§ DIRECTIONS
All of the records below are to be printed exactly; the pictures are to be left out.
[DATASET — start]
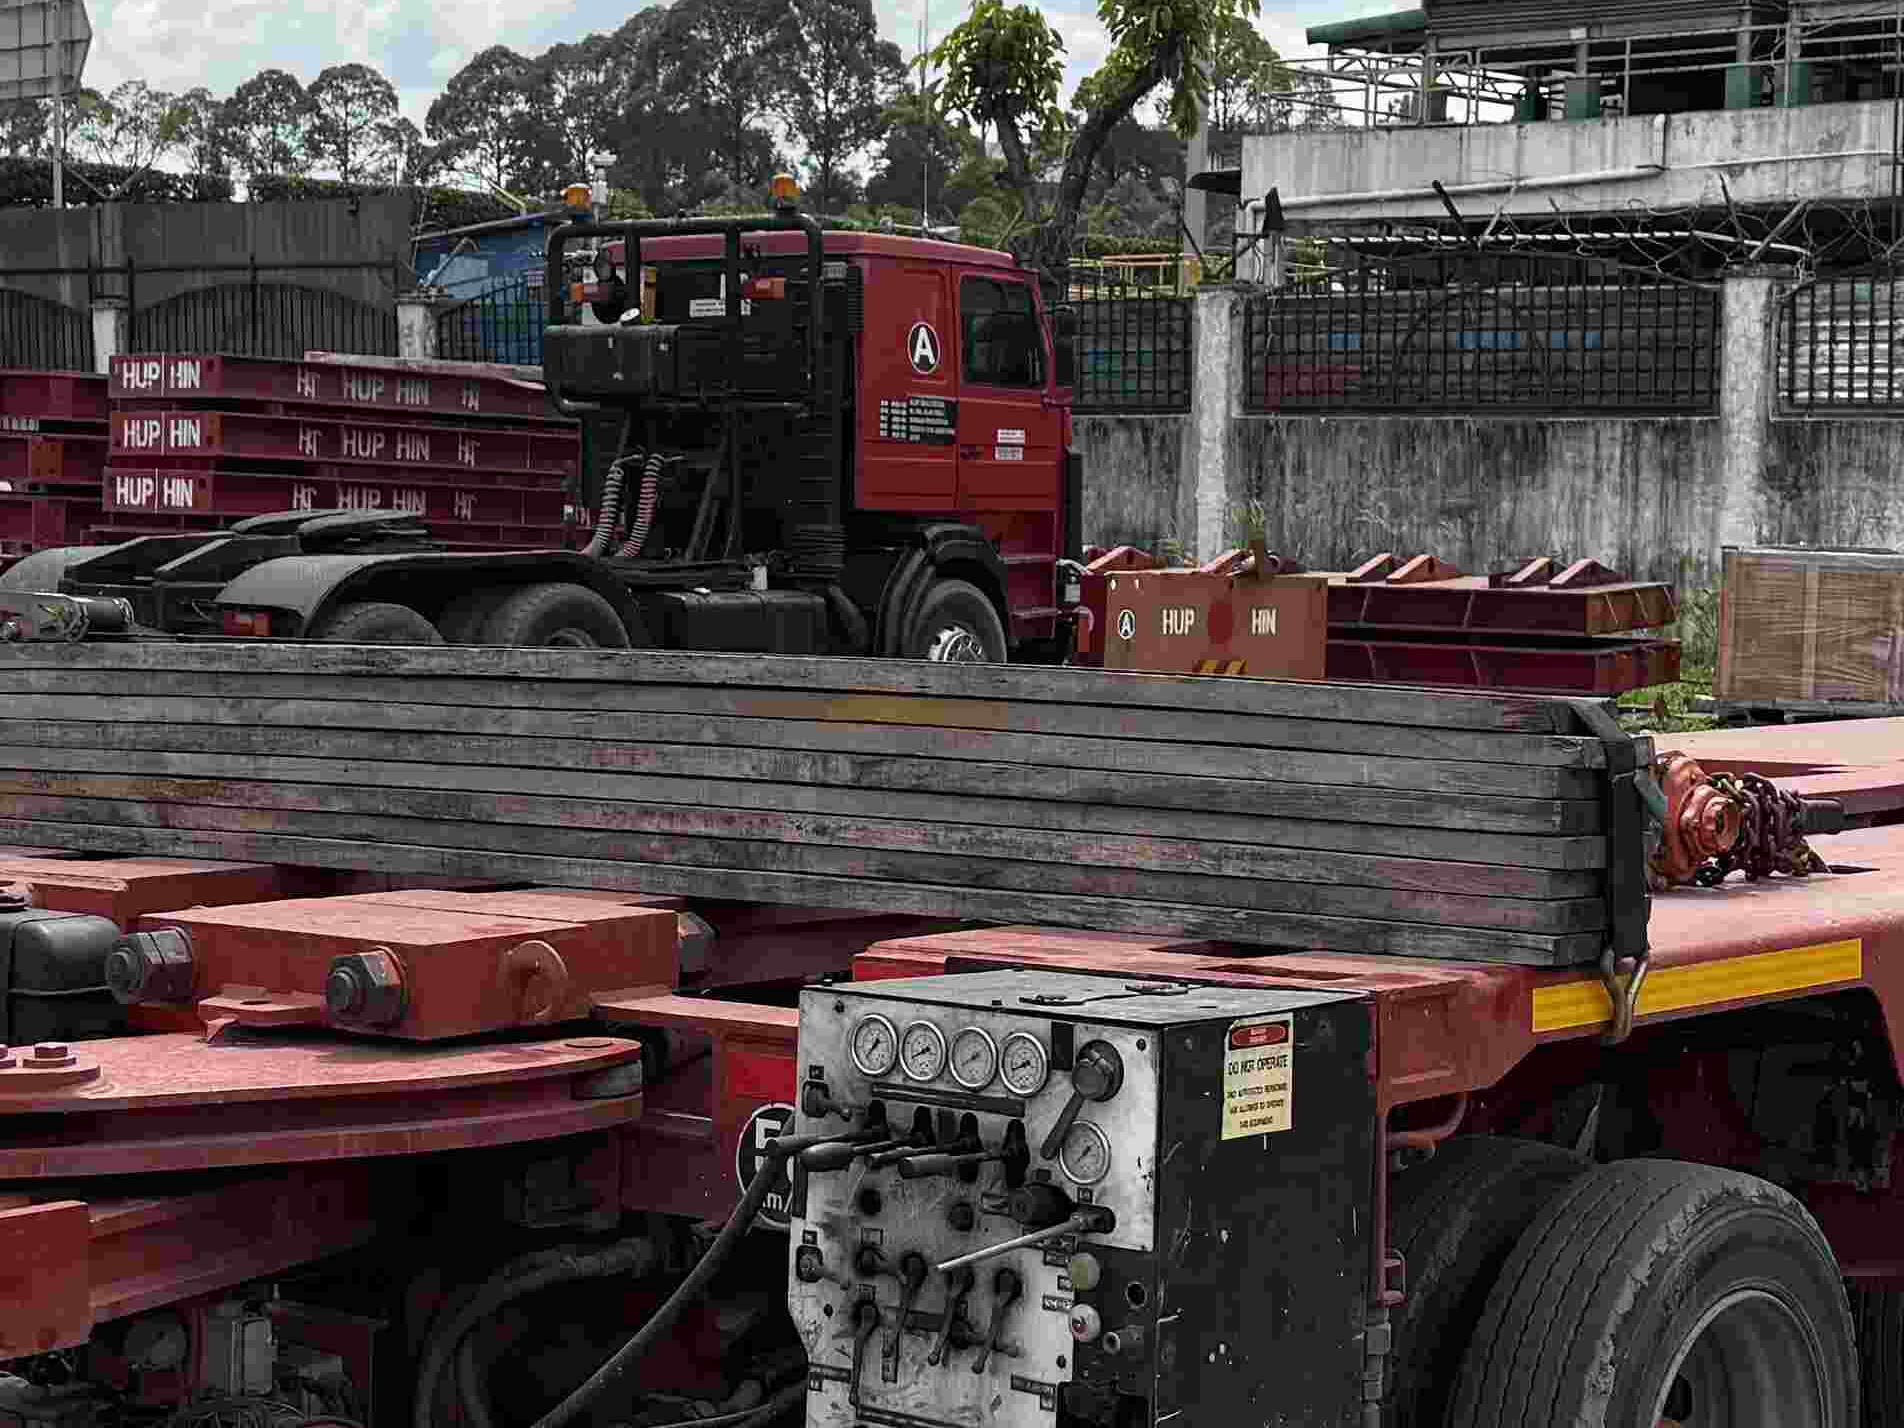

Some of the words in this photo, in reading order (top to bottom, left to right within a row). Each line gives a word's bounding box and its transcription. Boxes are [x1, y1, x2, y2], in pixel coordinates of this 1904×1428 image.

[122, 361, 160, 390] HUP
[170, 360, 200, 389] HIN
[343, 371, 385, 402] HUP
[396, 379, 431, 405] HIN
[123, 419, 160, 448] HUP
[170, 419, 200, 448] HIN
[343, 427, 386, 458] HUP
[396, 434, 431, 461] HIN
[116, 475, 154, 506] HUP
[162, 478, 194, 507] HIN
[336, 483, 382, 510] HUP
[392, 489, 427, 516] HIN
[1162, 608, 1195, 636] HUP
[1251, 608, 1277, 636] HIN
[755, 1117, 794, 1184] 5
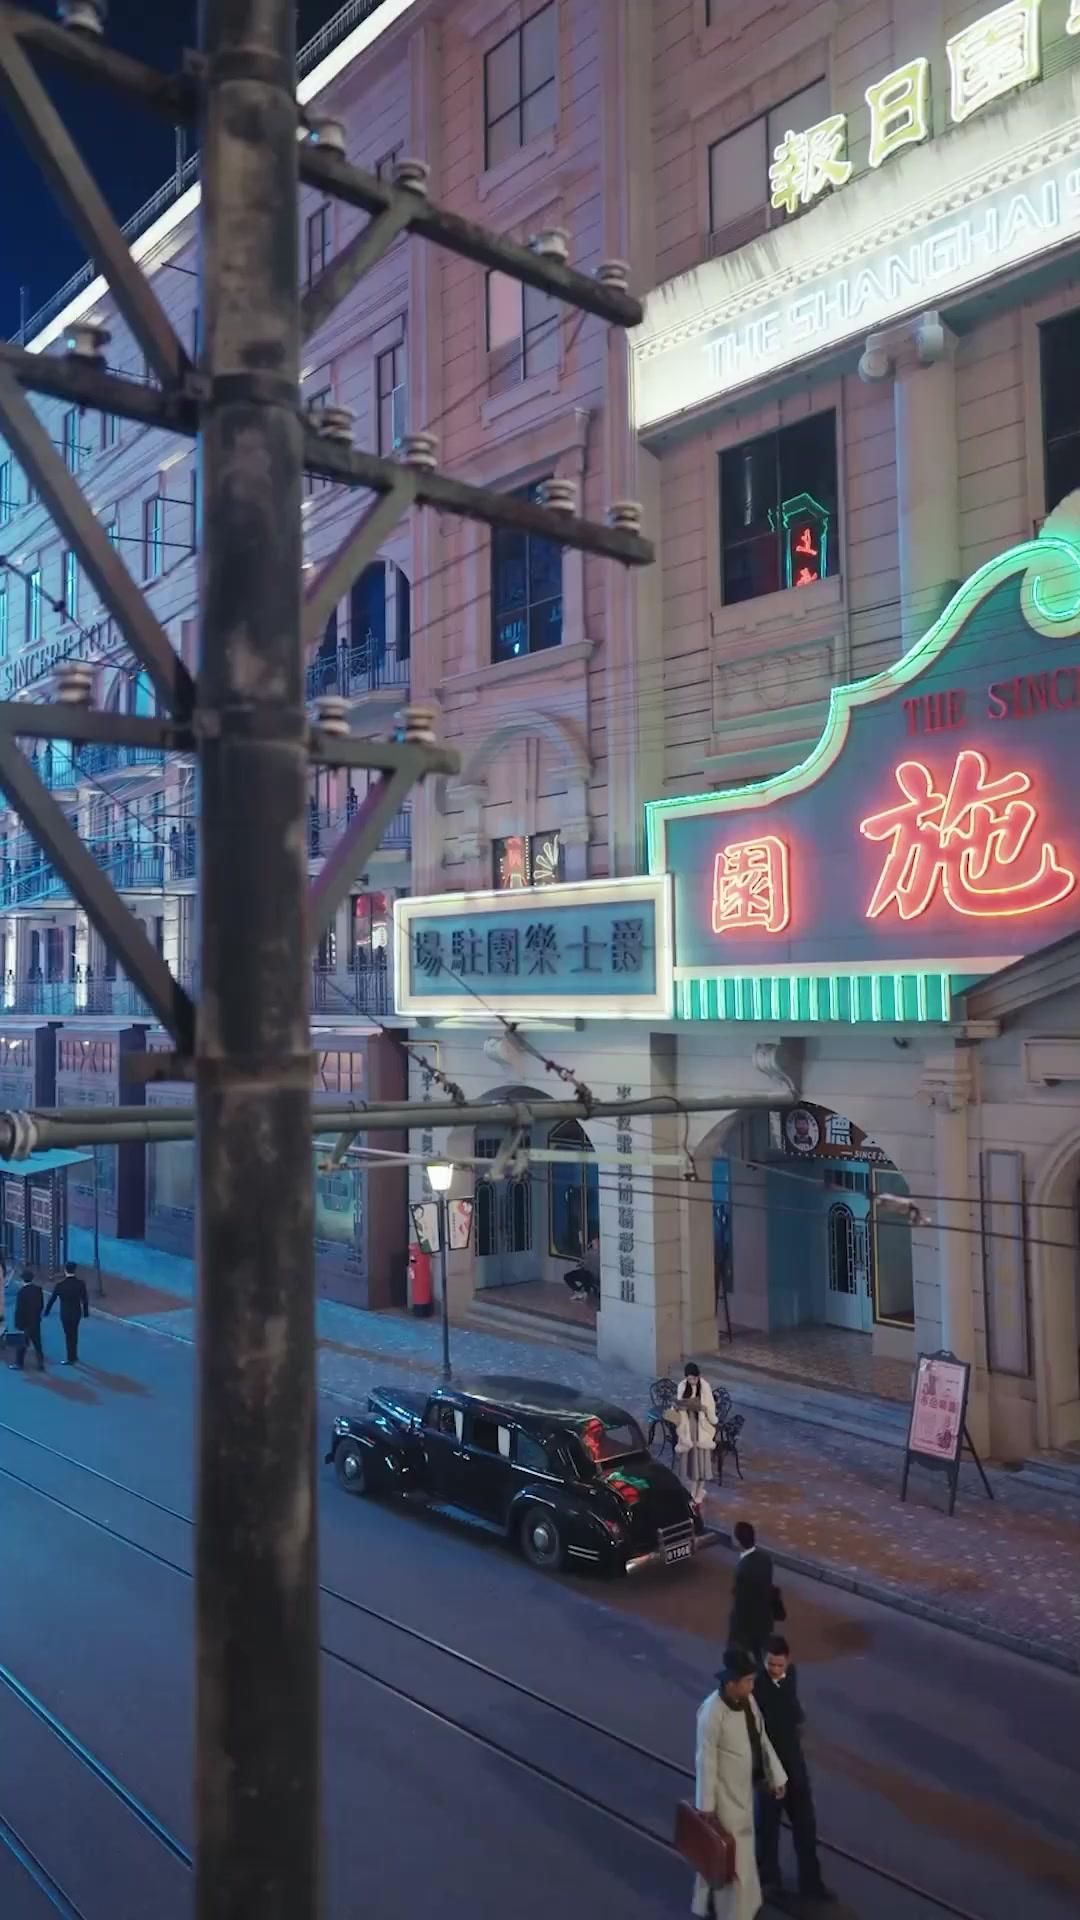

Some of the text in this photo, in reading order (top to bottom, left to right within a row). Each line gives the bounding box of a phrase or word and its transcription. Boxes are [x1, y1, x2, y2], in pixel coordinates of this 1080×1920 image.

[702, 179, 1060, 381] THE SHANGHAI
[902, 667, 1080, 737] THE SINC
[859, 750, 1076, 918] 施
[854, 1150, 876, 1160] SINCE
[DATASET — finish]
§ RESPONSE BELOW
Some of the words in this photo, in reading order (top to bottom, left to right within a row). Each line gives a word's bounding box and its transcription. Boxes are [x1, y1, x2, y2], in pixel coordinates of this 1904×1428 image.

[122, 361, 160, 390] HUP
[170, 360, 200, 389] HIN
[343, 371, 385, 402] HUP
[396, 379, 431, 405] HIN
[123, 419, 160, 448] HUP
[170, 419, 200, 448] HIN
[343, 427, 386, 458] HUP
[396, 434, 431, 461] HIN
[116, 475, 154, 506] HUP
[162, 478, 194, 507] HIN
[336, 483, 382, 510] HUP
[392, 489, 427, 516] HIN
[1162, 608, 1195, 636] HUP
[1251, 608, 1277, 636] HIN
[755, 1117, 794, 1184] 5

Some of the text in this photo, in reading order (top to bottom, left to right within a row). Each line gives the bounding box of a phrase or word and its transcription. Boxes are [x1, y1, x2, y2], in pixel coordinates of this 1080×1920 image.

[702, 179, 1060, 381] THE SHANGHAI
[902, 667, 1080, 737] THE SINC
[859, 750, 1076, 918] 施
[854, 1150, 876, 1160] SINCE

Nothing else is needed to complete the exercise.